И в самом деле, через несколько минут появилась головка, а со следующей схваткой тельце скользнуло в руки Хульды. Младенец открыл крошечный ротик, но вместо того, чтобы, как большинство новорожденных, выразить криком свое недовольство грубым переходом из теплого кокона в огромный холодной мир, он только тихонечко всхлипнул.

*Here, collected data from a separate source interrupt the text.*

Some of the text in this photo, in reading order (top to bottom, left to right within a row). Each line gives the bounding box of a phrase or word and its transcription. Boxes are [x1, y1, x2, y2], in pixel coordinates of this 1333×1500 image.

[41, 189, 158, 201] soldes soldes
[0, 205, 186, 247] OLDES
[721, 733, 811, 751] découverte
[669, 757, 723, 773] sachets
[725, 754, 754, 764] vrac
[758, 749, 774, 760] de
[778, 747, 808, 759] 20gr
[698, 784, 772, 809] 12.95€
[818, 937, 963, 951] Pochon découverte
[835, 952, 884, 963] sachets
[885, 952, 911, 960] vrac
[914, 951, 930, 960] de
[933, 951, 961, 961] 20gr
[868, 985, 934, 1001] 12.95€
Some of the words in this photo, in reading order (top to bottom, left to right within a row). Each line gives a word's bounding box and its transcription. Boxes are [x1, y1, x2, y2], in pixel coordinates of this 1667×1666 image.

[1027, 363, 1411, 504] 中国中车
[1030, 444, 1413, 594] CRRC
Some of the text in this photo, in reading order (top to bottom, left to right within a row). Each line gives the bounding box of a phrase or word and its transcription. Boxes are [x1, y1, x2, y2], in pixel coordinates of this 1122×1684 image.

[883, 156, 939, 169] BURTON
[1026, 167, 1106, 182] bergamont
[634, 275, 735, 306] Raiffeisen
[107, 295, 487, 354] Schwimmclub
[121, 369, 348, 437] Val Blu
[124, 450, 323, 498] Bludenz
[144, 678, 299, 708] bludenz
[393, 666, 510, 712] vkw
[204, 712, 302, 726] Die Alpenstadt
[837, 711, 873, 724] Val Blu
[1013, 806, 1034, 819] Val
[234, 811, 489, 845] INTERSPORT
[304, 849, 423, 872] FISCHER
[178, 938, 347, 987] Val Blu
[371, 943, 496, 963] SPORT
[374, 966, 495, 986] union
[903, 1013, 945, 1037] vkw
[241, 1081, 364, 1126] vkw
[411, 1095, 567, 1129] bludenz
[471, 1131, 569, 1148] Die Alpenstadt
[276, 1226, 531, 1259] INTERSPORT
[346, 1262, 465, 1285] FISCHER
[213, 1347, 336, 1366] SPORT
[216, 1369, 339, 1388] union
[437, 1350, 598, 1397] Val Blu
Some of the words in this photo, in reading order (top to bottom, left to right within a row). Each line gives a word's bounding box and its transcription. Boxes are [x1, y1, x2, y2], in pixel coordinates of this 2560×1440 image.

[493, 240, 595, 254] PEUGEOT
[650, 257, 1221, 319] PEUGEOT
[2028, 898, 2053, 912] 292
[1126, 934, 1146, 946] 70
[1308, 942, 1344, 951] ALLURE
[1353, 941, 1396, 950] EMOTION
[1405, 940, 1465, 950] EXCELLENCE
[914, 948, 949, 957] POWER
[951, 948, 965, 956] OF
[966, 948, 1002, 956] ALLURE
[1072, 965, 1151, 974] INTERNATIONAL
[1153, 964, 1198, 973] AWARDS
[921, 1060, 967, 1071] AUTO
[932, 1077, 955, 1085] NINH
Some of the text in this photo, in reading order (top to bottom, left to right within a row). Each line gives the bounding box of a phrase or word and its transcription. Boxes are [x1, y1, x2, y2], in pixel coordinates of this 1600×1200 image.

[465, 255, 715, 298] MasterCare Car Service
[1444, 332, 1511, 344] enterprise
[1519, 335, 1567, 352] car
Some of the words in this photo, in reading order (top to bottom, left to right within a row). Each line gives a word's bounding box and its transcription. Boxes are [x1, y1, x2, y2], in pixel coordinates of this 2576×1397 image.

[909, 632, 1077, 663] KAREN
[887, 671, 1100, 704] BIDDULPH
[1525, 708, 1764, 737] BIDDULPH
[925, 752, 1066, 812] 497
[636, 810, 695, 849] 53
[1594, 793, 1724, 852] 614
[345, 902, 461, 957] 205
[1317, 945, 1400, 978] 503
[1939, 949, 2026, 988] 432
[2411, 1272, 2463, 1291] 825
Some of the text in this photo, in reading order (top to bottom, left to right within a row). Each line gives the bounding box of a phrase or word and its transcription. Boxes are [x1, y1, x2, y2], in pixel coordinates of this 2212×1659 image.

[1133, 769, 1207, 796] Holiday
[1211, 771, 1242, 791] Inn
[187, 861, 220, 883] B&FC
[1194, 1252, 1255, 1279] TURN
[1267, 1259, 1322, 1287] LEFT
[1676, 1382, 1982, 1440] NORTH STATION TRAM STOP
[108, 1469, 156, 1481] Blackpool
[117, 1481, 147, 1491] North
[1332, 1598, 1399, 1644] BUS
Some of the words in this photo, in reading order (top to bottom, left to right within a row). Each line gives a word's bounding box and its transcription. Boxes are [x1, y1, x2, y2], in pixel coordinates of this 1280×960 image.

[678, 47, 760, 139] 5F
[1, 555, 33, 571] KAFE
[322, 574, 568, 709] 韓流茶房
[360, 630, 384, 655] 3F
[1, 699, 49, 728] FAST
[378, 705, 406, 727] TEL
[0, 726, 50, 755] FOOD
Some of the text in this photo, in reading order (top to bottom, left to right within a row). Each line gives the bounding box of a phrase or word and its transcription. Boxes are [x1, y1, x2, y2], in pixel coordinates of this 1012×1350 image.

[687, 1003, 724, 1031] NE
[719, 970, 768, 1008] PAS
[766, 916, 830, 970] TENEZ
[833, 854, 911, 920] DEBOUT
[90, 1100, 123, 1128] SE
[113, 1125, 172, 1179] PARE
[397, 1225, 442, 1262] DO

– У вас сын, Тамар, как вы и предвидели, – вскричала Хульда. Она быстро протерла мокрое тельце полотенцем и провела осмотр. Затем перерезала пуповину и, укутав мальчика в теплое одеяло, хотела передать его Тамар. Однако роженица молча покачала головой, отвернулась и закрыла глаза. Казалось, она не хотела даже взглянуть на своего сына.
Ошарашенная Хульда покачала малыша, а затем вложила ему в рот мизинец – и маленькие, безукоризненный формы губки, сомкнувшись, начали увлеченно посасывать.
Умиротворение распространилось по тесному помещению.
– Можно войти? – донесся от двери голос.
Цви стоял рядом со стопкой полотенец в беспомощно опущенных руках. Он словно боялся быть отвергнутым.
– Проходите, – пригласила Хульда. – Вот ваш сын.
– Эйнгль, – благоговейно вымолвил он, протягивая руки.
Внезапно, словно призрак, в каморке возникла Рут Ротман.
– Дай мне ребенка, – скомандовала она и, отобрав у Хульды младенца, недоуменно осмотрелась. – Чем ты тут занималась? – спросила она невестку. – Экзорцизмом? Зачем вся эта грязь и сажа на полу? Тебе придется одной все отдраивать, клянусь.
– Мама, перестань, – вмешался Цви и слегка подтолкнул ее к выходу. – Отправляйся с ребенком в комнату, я останусь здесь. – Он опустился на колени рядом с женой. – Тамар, – шепнул он, отодвигая прядь волос с ее мокрого лица. – Как ты себя чувствуешь?
Она медленно кивнула, чисто машинально, как показалось Хульде. Ее красивое лицо снова исказила боль.
– Отходит послед, – проговорила Хульда. – Цви, вам лучше подождать снаружи.
Она знала, что в еврейских семьях не принято смотреть на жену во время родов. Это считалось нечистым. Послед относился к родовому процессу и в среде акушерок, которые только после его отхождения поздравляли новоиспеченных родителей.
Цви робко прокрался в коридор, и Хульда убедила Тамар, что надо поднатужиться в последний раз. Крупный орган, который многие месяцы питал ребенка в материнском чреве и теперь отслужил свое, она поймала в полотенце, принесенное молодым человеком. Послед был зрелищем не для слабонервных, поэтому Хульда прикрыла его, а затем погладила Тамар по голове.
– Ни одного разрыва, – сказала она. – Мне не нужно ни зашивать, ни обрабатывать раны, ничего. Вы образцовая роженица, Тамар. Или, лучше сказать, Анаит?